Start of Supplied entries

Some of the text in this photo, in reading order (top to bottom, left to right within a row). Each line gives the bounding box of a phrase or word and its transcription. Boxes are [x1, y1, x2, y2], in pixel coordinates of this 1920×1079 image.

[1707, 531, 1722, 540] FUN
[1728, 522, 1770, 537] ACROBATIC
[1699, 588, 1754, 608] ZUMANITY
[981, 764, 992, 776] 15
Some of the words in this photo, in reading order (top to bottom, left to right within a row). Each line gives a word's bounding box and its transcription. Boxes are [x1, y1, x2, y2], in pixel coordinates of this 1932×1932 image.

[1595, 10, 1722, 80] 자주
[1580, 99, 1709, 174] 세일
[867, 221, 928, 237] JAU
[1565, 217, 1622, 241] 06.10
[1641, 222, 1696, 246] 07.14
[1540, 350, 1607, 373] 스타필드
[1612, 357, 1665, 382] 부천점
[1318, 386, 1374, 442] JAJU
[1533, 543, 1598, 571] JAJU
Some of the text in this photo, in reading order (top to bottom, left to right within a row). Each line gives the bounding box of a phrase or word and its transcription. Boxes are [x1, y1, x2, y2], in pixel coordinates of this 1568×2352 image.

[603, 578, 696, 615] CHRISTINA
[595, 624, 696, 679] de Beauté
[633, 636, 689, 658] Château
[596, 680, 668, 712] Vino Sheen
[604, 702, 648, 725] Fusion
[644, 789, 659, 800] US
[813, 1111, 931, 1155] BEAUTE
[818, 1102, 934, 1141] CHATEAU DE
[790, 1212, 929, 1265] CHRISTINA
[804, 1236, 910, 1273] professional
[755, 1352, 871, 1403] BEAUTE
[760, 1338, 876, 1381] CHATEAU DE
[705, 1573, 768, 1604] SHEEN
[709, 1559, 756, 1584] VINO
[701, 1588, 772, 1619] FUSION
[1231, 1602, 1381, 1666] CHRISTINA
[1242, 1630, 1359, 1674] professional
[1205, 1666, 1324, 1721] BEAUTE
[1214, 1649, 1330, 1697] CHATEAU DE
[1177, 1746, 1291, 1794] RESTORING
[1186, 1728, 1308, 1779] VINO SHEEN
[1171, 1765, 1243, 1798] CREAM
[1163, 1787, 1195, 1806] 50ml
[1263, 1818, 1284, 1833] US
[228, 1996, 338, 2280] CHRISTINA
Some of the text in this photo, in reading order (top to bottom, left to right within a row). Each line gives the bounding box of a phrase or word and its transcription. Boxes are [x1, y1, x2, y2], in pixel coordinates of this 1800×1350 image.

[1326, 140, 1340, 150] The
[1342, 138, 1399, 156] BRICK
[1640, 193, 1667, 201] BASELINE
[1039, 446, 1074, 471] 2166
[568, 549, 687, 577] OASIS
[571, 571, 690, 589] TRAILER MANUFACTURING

End of Supplied entries

◆ **Your instructions**: Each line from the one containing "this 1800×1350 image." to the final line above should be written out exactly; please omit the others.

◆ **Problem solution**:
Some of the text in this photo, in reading order (top to bottom, left to right within a row). Each line gives the bounding box of a phrase or word and its transcription. Boxes are [x1, y1, x2, y2], in pixel coordinates of this 1800×1350 image.

[1326, 140, 1340, 150] The
[1342, 138, 1399, 156] BRICK
[1640, 193, 1667, 201] BASELINE
[1039, 446, 1074, 471] 2166
[568, 549, 687, 577] OASIS
[571, 571, 690, 589] TRAILER MANUFACTURING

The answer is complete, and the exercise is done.